(Bloomberg) -- The dollar extended a weekly winning streak after the Federal Reserve kept interest rates elevated, a move that traders correctly positioned for in the days leading up to the June policy decision. 

The Bloomberg Dollar Spot Index capped a fourth-straight week of gains on Friday, the longest stretch since February, after US policymakers kept interest rates on hold and projected just one reduction in 2024. The gauge is now just shy of its strongest level of the year. 

It’s a welcome development for speculative traders who loaded up on contracts that would benefit from a stronger dollar in the week ending Tuesday. After pulling back on their bullish dollar bets for most of May, they added back more than $6 billion worth of bets on dollar gains in the week through June 11, according to Commodity Futures Trading Commission data compiled by Bloomberg. That’s the biggest jump in positive sentiment since late April. 

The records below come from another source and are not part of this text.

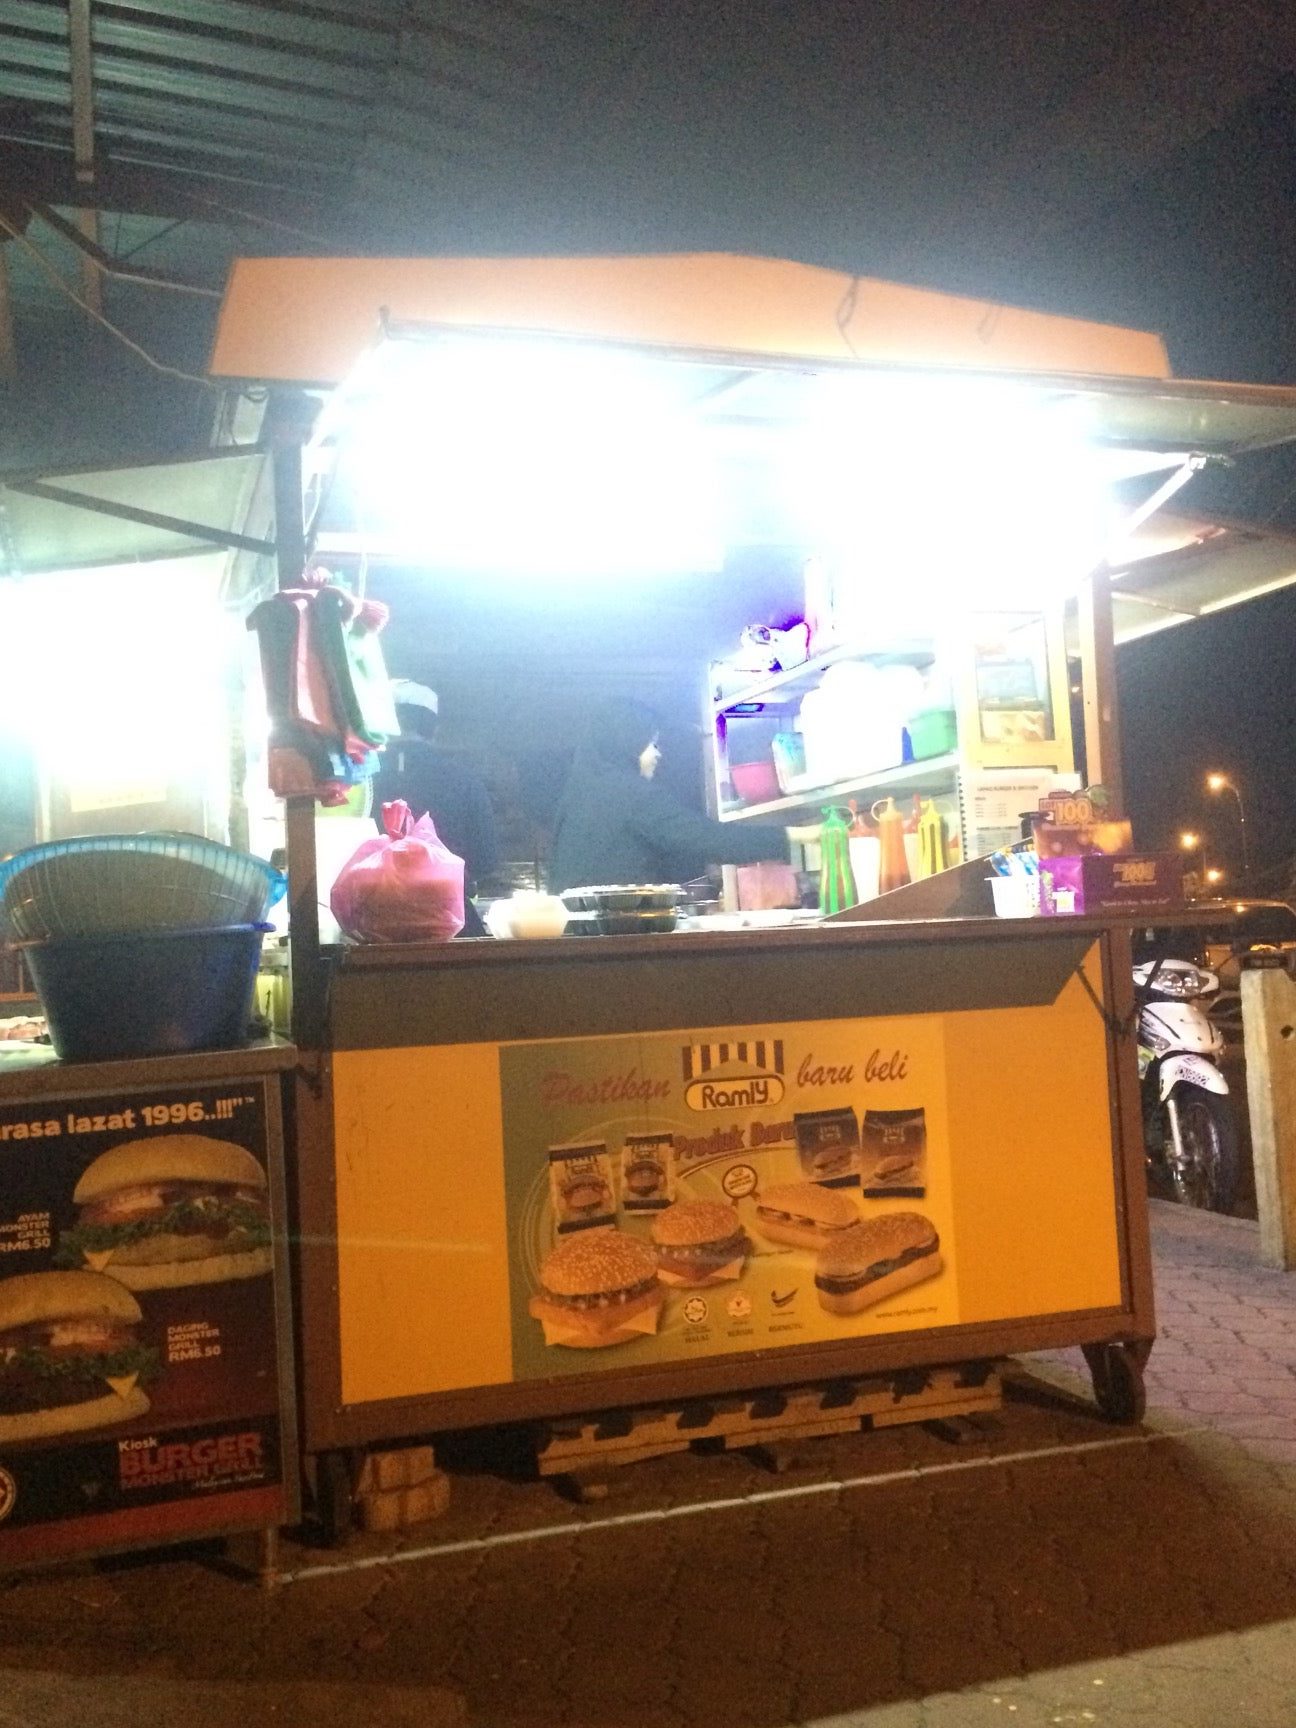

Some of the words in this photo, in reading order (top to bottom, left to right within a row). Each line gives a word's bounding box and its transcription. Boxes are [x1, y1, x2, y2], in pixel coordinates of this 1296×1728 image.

[539, 1067, 671, 1106] Pastikan
[702, 1080, 769, 1109] Ramly
[797, 1053, 854, 1088] baru
[864, 1048, 908, 1082] beli
[67, 1109, 135, 1134] lazat
[168, 1328, 220, 1341] MONSTER
[118, 1437, 158, 1452] Kiosk
[120, 1432, 262, 1475] BURGER

“The dollar is reaping the benefits of the dot plot’s changes this week,” said Helen Given, a foreign-exchange trader at Monex. The Fed’s forecast for only one 25-basis-point cut this year “will raise the interest-rate differential between the US and the vast majority of the Group of 10, helping the dollar run up.”

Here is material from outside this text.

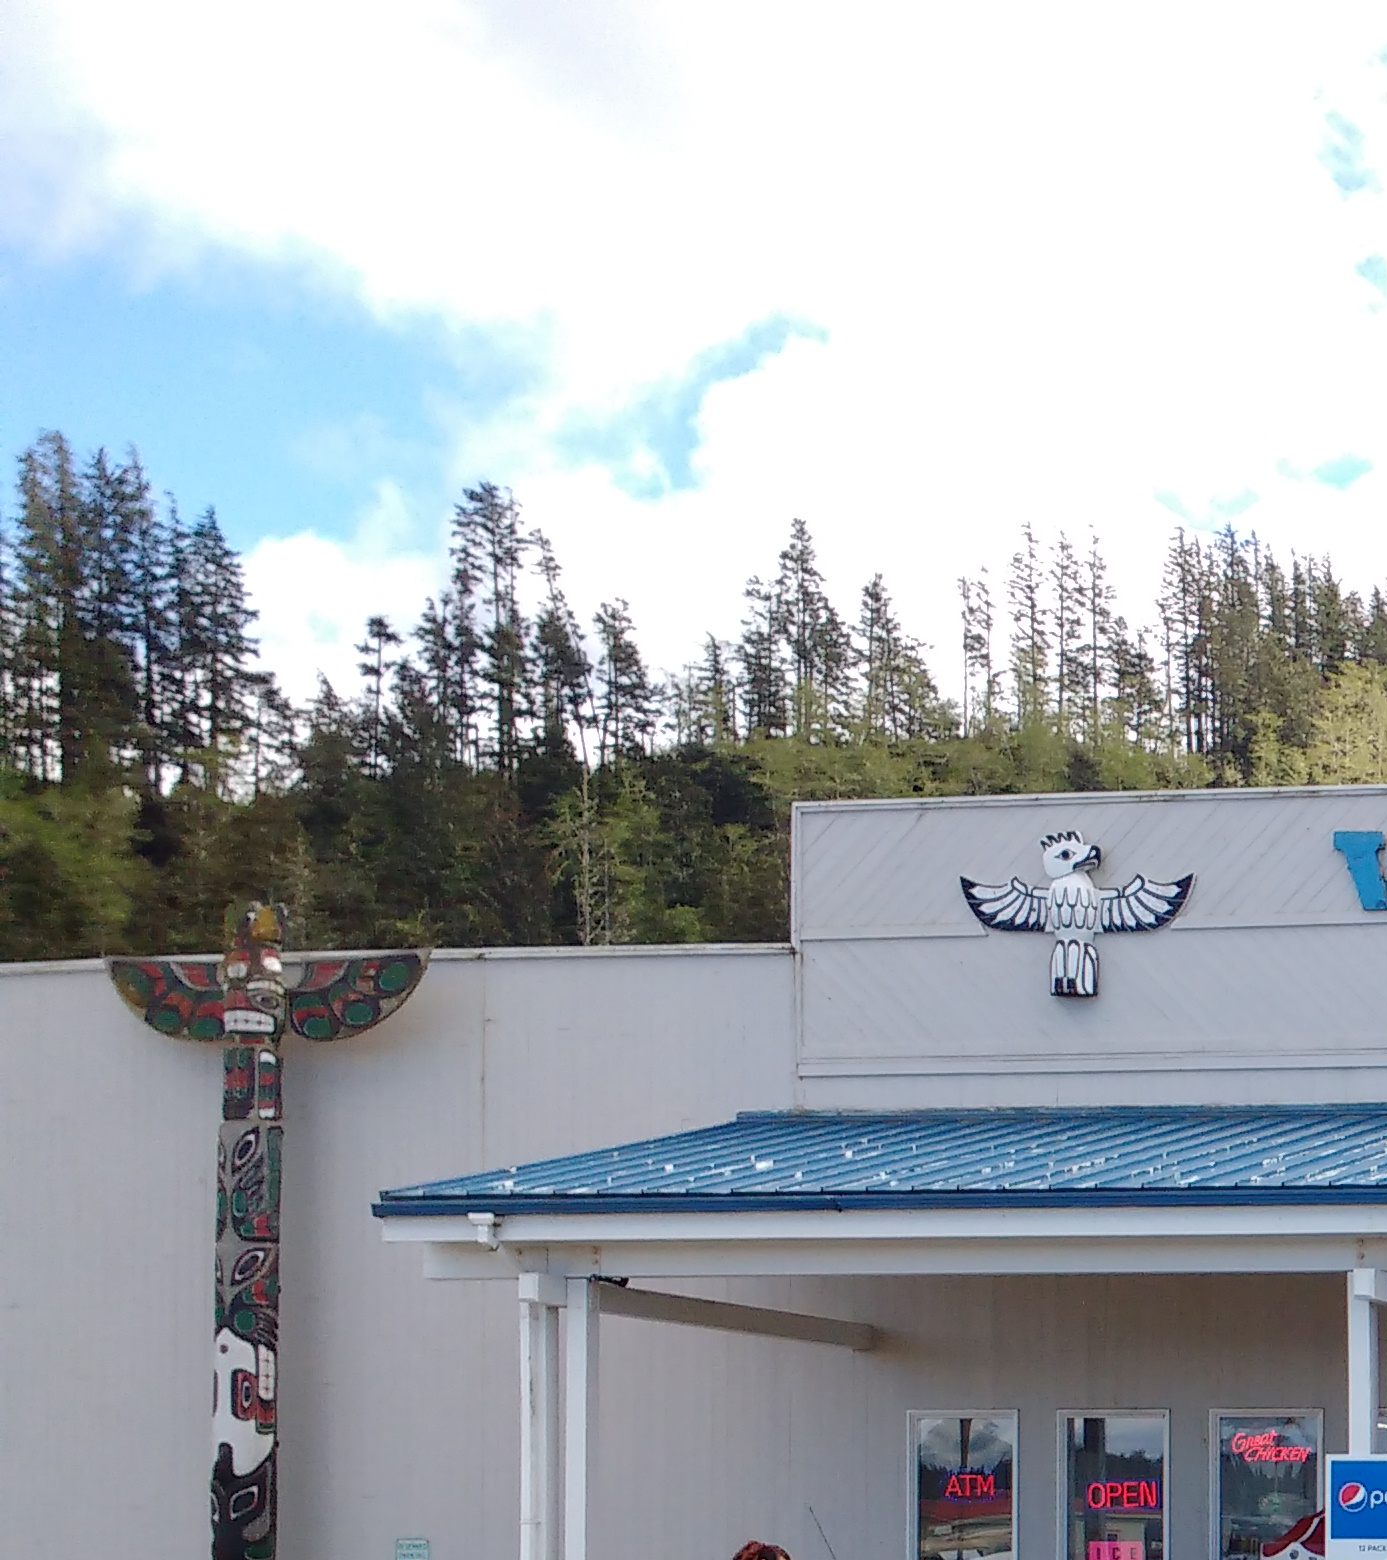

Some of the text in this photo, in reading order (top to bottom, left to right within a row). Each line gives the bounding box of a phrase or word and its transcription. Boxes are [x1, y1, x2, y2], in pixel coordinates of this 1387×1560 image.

[1244, 1447, 1312, 1463] CHICKEN
[945, 1474, 996, 1497] ATM
[1088, 1481, 1158, 1510] OPEN
[1096, 1546, 1138, 1560] ICE

Fed policy that diverges from global peers has been offering support for the dollar in recent weeks, especially after two of the Fed’s major peers — the European Central Bank and Bank of Canada — embarked on easing cycles. Market turmoil in France, prompted by President Emmanuel Macron’s snap-election call, has also weighed on the euro and boosted the safe-haven dollar and peers like the Swiss franc.